Contributor: University of Missouri-Columbia. Office of Undergraduate Research
Keywords: sulfate-reducing bacteria
biochemistry
Date: 2007
Publisher: University of Missouri--Columbia. Office of Undergraduate Research
Abstract: Sulfate-reducing bacteria have evolved to use sulfate as a terminal electron acceptor for their respiration. These bacteria are an environmentally important group belonging to Gram-negative, anaerobic delta-Proteobacteria. Desulfovibrio vulgaris Hildenborough is the best studied of this group.
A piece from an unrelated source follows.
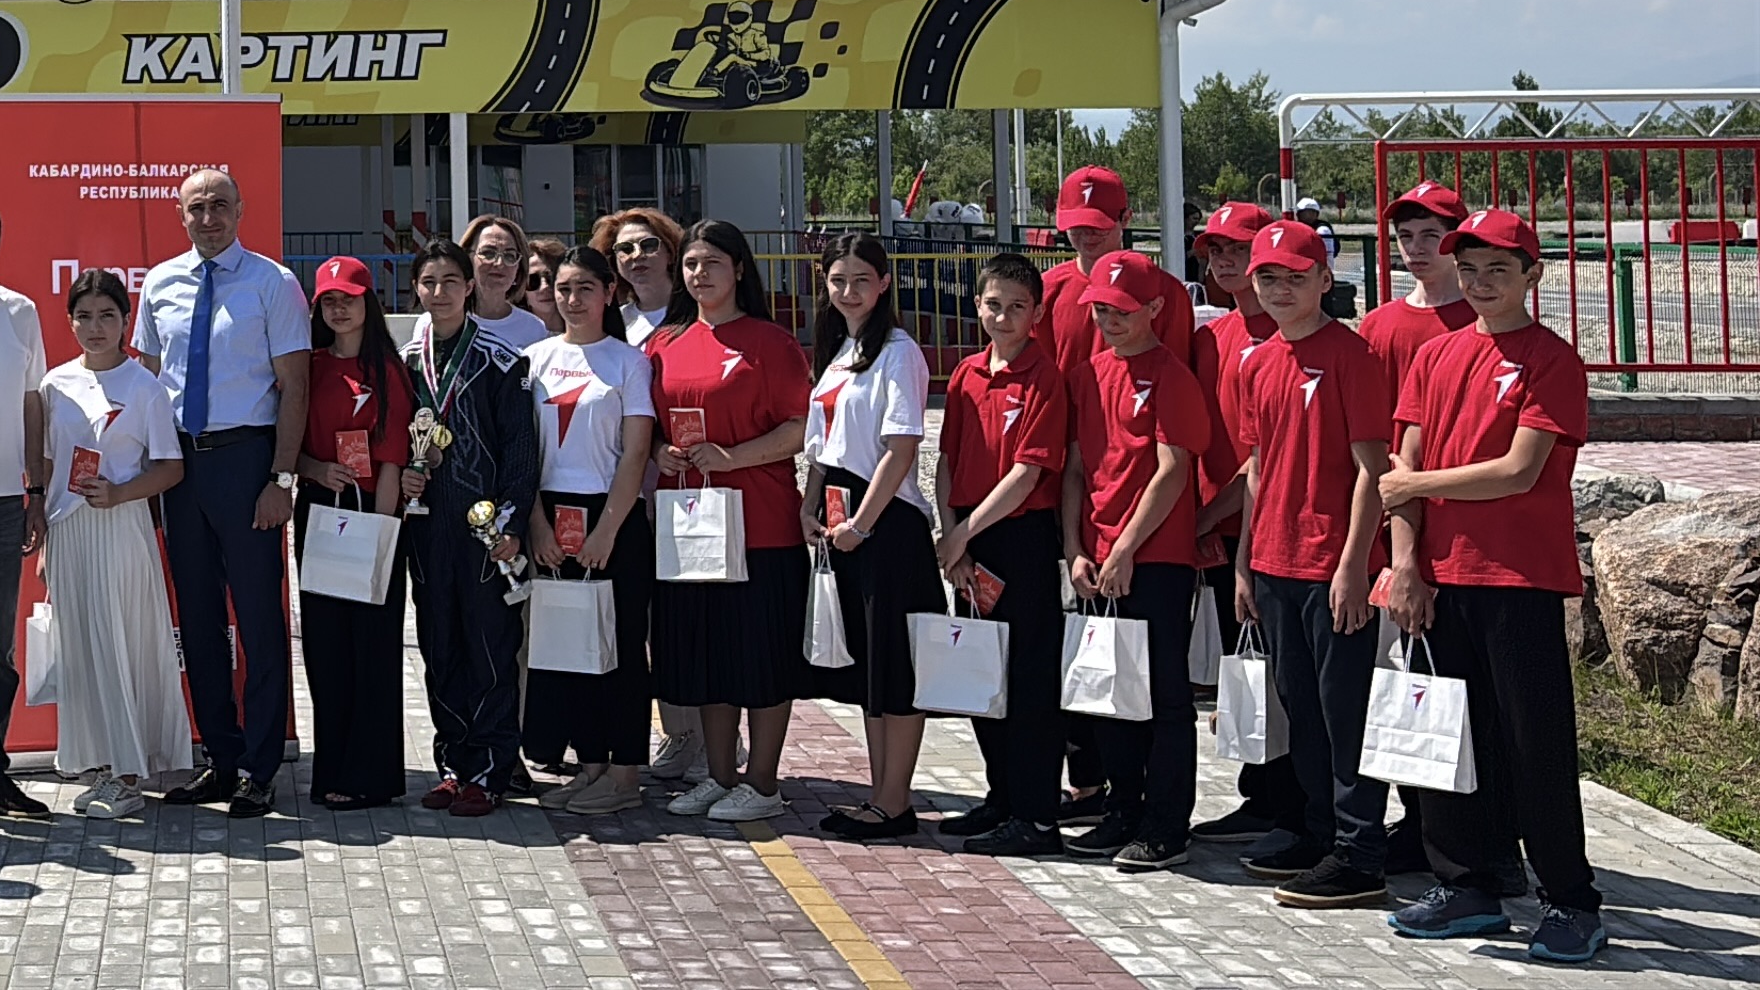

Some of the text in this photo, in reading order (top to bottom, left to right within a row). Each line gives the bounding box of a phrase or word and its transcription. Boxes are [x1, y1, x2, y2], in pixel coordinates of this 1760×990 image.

By interaction with reduced c-type cytochromes of the sulfate reducers, many metals are changed in their redox state often making the metals less soluble. We hope to harness this potential, but need a greater understanding of the physiology of D. vulgaris. Deletion mutants of D. vulgaris were created by marker exchange mutagenesis through homologous recombination. Mutants JW380, JW381, JW382 and JW383 have genes deleted that are related to Na+/H+ antiport systems located at the cytoplasmic membrane. The growth phenotypes of these mutants under various concentrations of salts (Na+, K+, NO2- and NO3-) and high pHs (pH7.0~9.0) were determined to understand the relationship between the deleted genes and the environmental stresses. Growth was followed by Optical Density of cultures at 600nm and by protein measurement with Bradford Protein assays. Additionally, D. vulgaris Hildenborough possesses a 3.57Mb genome and a 202.3Kb megaplasmid. The nifH and paeII genes are found on the megaplasmid. With PCR primers to amplify those genes and the chromosomal fur gene, the existence of the megaplasmid could be verified in each mutant. All the mutants in Na+ and K+ media responded as the wild-type. Increasing pH of the medium correlated with decreased growth of all mutants. The protein produced at pH 8.5 was the highest for all cultures. It was surprising that JW381, JW382 and JW383 grew at 250mM nitrate and 0.5mM nitrite, even though slowly, when the wild-type and JW380 did not grow. Mutants and wild-type died with 1.0mM or 2.0mM nitrite. The deleted genes in the mutants look minor parts of the whole Na+/H+ antiport systems. A thoroughly study will be needed to understand the response to nitrite and nitrate. The megaplasmid was present in each mutants.